A negligência do poder público, sobretudo dos legislativos municipais, de forma recorrente vem contribuindo com o agravamento deste problema. Permitir a instalação de conjunto habitacionais distantes das áreas urbanizadas, conceder a implantação de loteamentos em áreas rurais, promover alterações pontuais na legislação de uso e ocupação do solo e, esticar os limites da cidade com a definição de novas expansões urbanas, são alguns dos artifícios mais utilizados nesse modelo nefasto de planejamento.

Viagens mais longas, menor frequência de ônibus, perda de qualidade, maior dependência do automóvel, aumento do tráfego, mais poluição e congestionamentos e, sobretudo, o encarecimento do serviço e das tarifas, fazem parte de um ciclo vicioso alimentado pelo crescimento desordenado das cidades. Essa realidade contribuiu sobremaneira para que a Rede Metropolitana de Transporte Coletivo – RMTC Goiânia – perdesse 30% da demanda de passageiros transportados nos últimos 10 anos, ao mesmo passo que a fluidez dos veículos diminuiu 31% no mesmo período.

Dar competitividade e atratividade ao transporte público coletivo e aumentar a participação desse modo na matriz de deslocamento da população, bem como os modos não motorizados, é o principal objetivo da PNMU e isso deve nortear os PlanMob’s.  

DESAFIOS PARA UM MELHOR MOBILIDADE

Ainda assim, implementar a PNMU e estruturar planos de mobilidade, são apenas os primeiros passos para que municípios busquem padrões de mobilidade semelhantes a de outras cidades no mundo que são referência nesse quesito. Investimento maciço em infraestrutura de transporte, financiamento das tarifas e democratização do espaço público, também são grandes desafios a serem enfrentados.

Via de regra, presenciamos a dificuldade que nossas cidades têm em concretizar os investimentos para a construção de corredores exclusivos e faixas preferenciais. O que falar então de sistemas de VLT e metrôs? O metrô de São Paulo, nossa melhor referência desse modo, foi lançado em 1974, seis décadas após a 1ª linha de Buenos Aires e 110 anos depois de Londres. Em 1913 Paris tinha mais linhas que São Paulo tem hoje e Nova Iorque supera em 4 vezes o número de estações de metrô da capital paulista. Isso só pra ilustrar nossa dificuldade em romper esse paradigma de investimentos em infraestrutura.
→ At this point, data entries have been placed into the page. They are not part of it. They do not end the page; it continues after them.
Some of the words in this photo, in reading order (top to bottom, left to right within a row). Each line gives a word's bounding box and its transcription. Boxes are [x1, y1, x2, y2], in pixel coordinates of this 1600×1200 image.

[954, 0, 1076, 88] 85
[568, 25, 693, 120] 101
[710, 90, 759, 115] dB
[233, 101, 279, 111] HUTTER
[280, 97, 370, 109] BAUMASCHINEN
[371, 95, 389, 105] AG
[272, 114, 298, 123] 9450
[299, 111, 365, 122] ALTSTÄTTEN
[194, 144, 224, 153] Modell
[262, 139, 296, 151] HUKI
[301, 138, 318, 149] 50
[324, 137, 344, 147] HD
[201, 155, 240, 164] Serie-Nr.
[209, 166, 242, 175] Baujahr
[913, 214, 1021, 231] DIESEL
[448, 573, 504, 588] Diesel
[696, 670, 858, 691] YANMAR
Com relação ao financiamento público das tarifas, o desafio é ainda maior. São raros os exemplos que temos de subsídios tarifários consistentes e capazes de impactar o transporte público com melhorias na qualidade do serviço. Um sistema de transporte excelente é necessariamente caro. Sempre custará mais que a população que depende desse modo pode pagar. Várias cidades do mundo, em todos os continentes, já superaram essa discussão. Aqui no Brasil, ancorados na ideia que qualquer recurso público seria desviado de seu fim, como se fosse aceitável a ineficiência do Estado, esse debate sequer entra na pauta de políticas para o setor.

O desafio mais recente, que também não chega a ser uma novidade, é a democratização do espaço público. Porquê em cidades como Paris, que o automóvel é responsável por 13% na matriz de deslocamentos, mais de 50% do espaço público é destinado a circulação e estacionamento desse modo? Porque a RMTC tem 2.546 Km de vias por onde passam alguma linha do sistema e só 26 Km recebem algum tipo de tratamento de prioridade?  
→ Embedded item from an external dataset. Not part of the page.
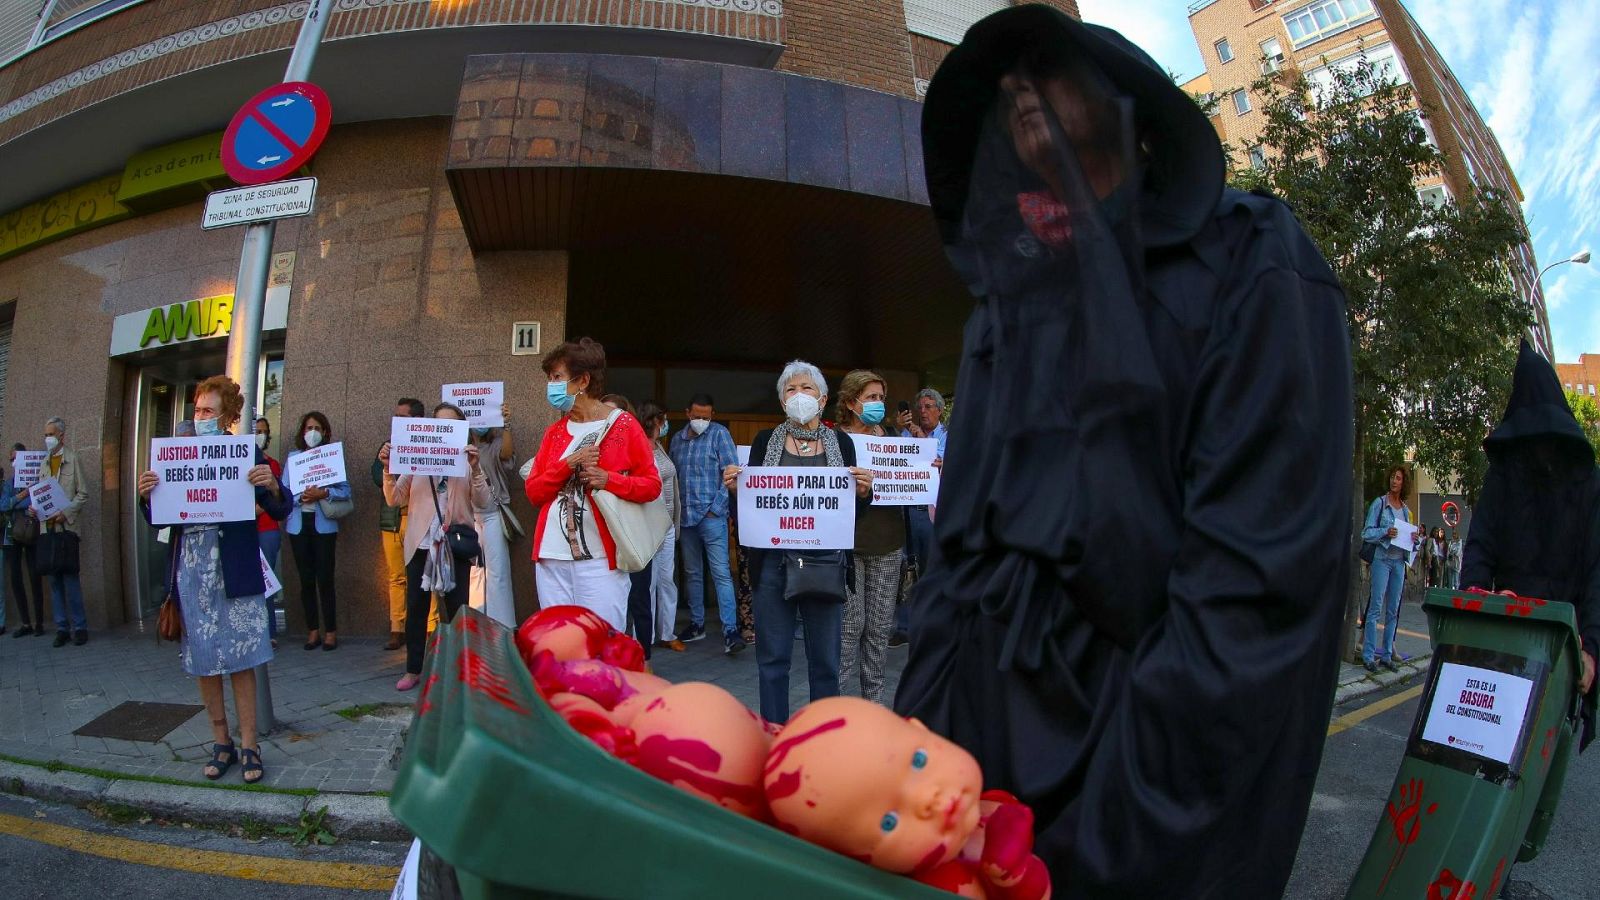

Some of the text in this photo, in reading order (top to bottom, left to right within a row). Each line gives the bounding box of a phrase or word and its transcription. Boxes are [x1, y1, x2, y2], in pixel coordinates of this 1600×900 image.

É respondendo a perguntas como essas que Paris, Londres e Nova Iorque têm se destacado ao redesenhar espaços antes destinados ao automóvel e impulsionar o uso por pedestres, ciclistas, já que contam com um sistema de transporte público bem estruturado, eficiente e com preço acessível a seus moradores.

CONCLUSÃO

A concepção de Planos de Mobilidade e a responsabilidade com o Planejamento Urbano no desenho dos Planos Diretores e suas respectivas revisões, são elementos indispensáveis para que homens, mulheres e crianças habitem cidades mais racionais e sustentáveis e possam gozar de uma melhor qualidade de vida.